> [Exercise objective] Print the listing below a second time, exactly, and omit its images.

> [Information provided]
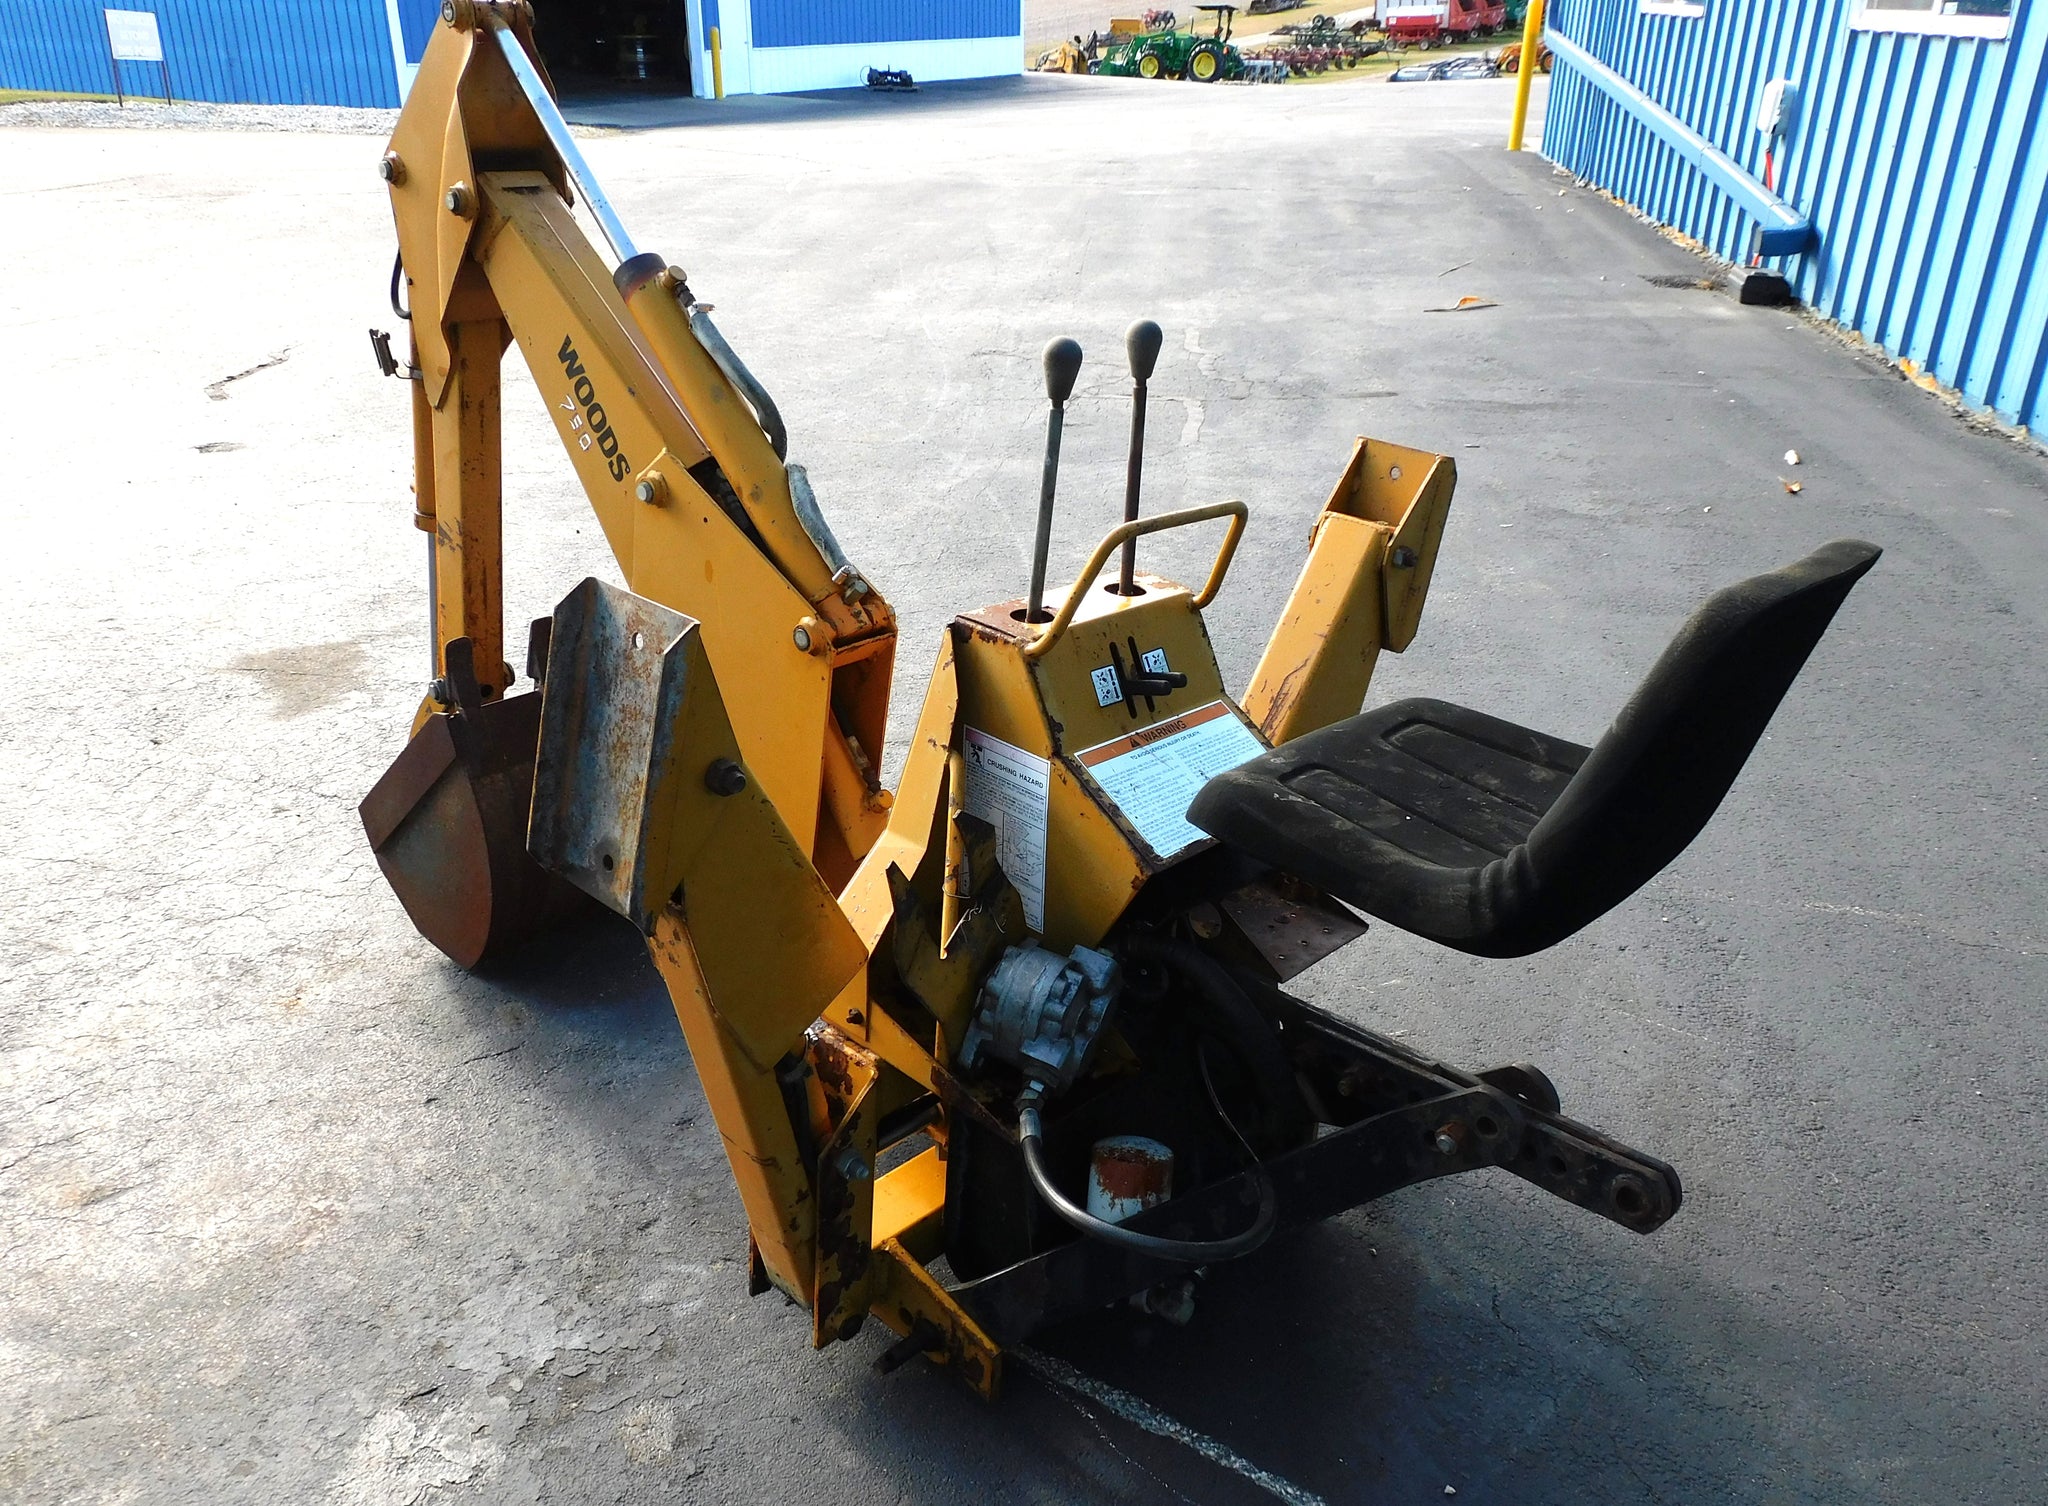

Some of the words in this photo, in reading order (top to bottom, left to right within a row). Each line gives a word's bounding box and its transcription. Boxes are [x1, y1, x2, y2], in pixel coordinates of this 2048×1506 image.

[557, 333, 631, 483] WOODS
[559, 394, 592, 451] 750
[1141, 720, 1187, 743] WARNING
[987, 758, 1017, 777] CRUSHING
[1019, 772, 1044, 789] HAZARD
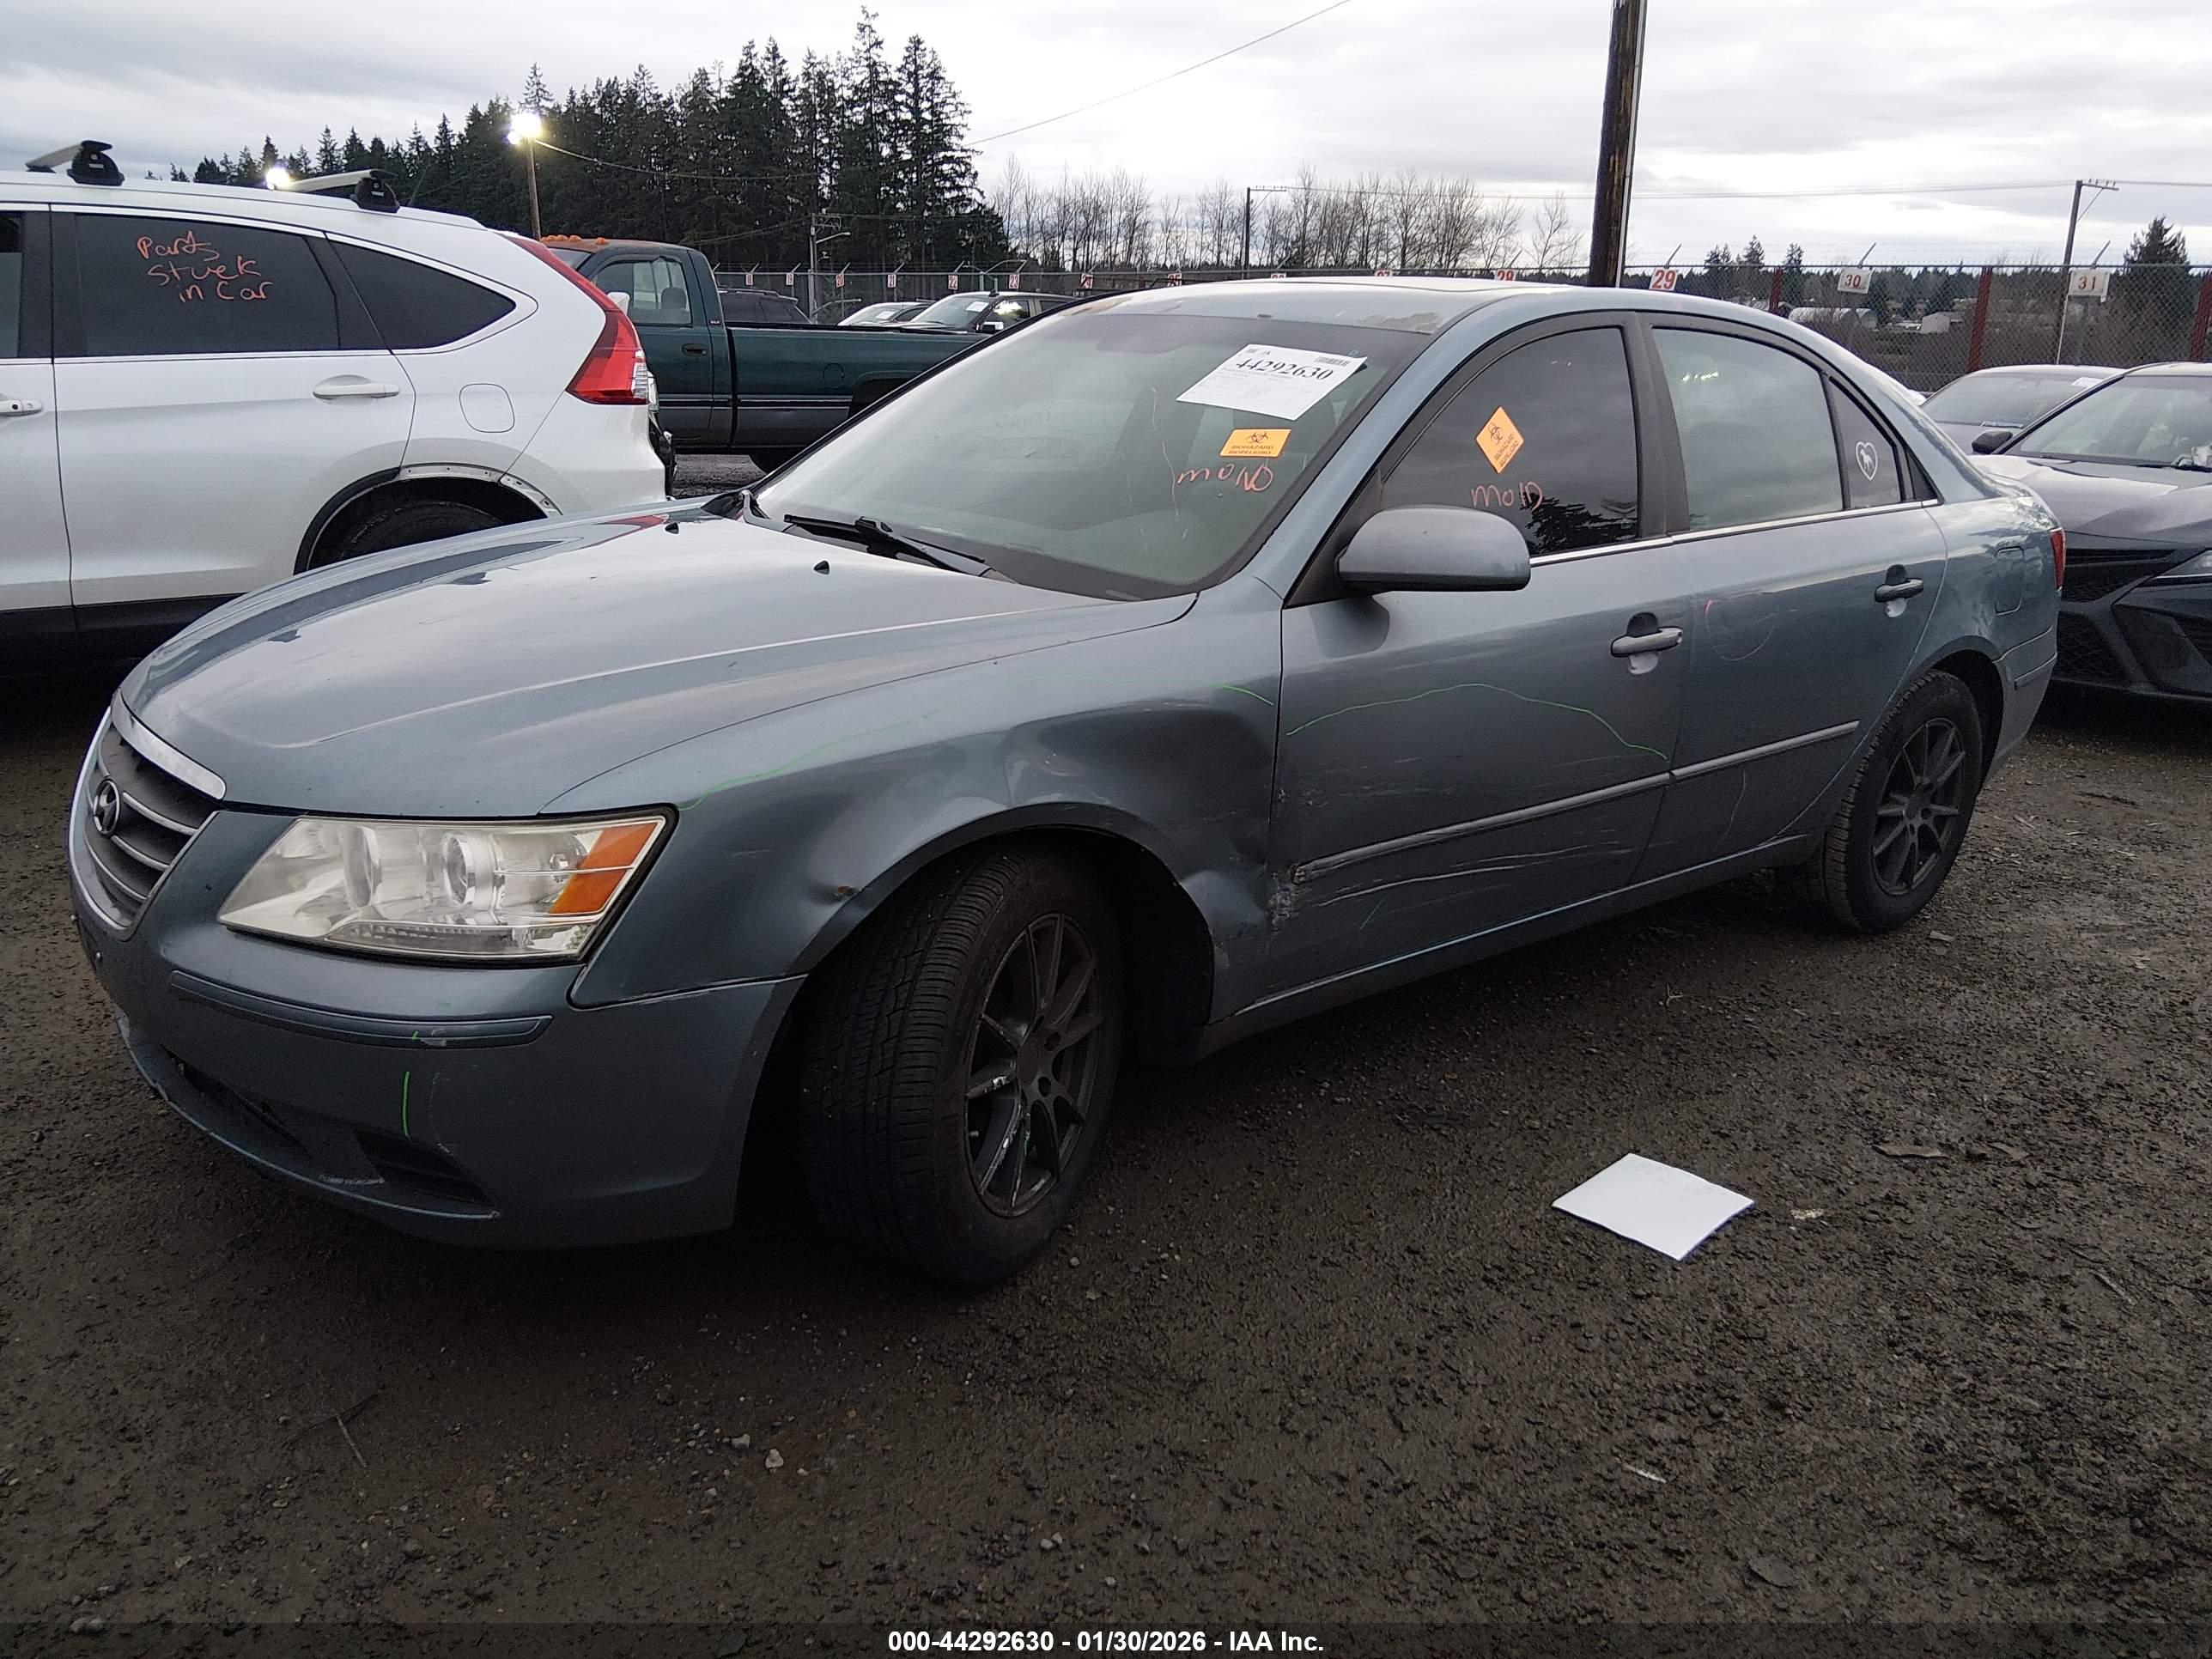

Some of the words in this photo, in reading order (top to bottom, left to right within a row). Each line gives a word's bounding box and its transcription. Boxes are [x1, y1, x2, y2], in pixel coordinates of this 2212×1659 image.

> [Answer below]
Some of the words in this photo, in reading order (top to bottom, left to right within a row). Each line gives a word's bounding box and its transcription. Boxes are [x1, y1, x2, y2], in pixel coordinates of this 2048×1506 image.

[557, 333, 631, 483] WOODS
[559, 394, 592, 451] 750
[1141, 720, 1187, 743] WARNING
[987, 758, 1017, 777] CRUSHING
[1019, 772, 1044, 789] HAZARD

Some of the words in this photo, in reading order (top to bottom, left to right within a row). Each line gives a word's bounding box and its transcription. Boxes are [x1, y1, x2, y2], in pixel coordinates of this 2212×1659 image.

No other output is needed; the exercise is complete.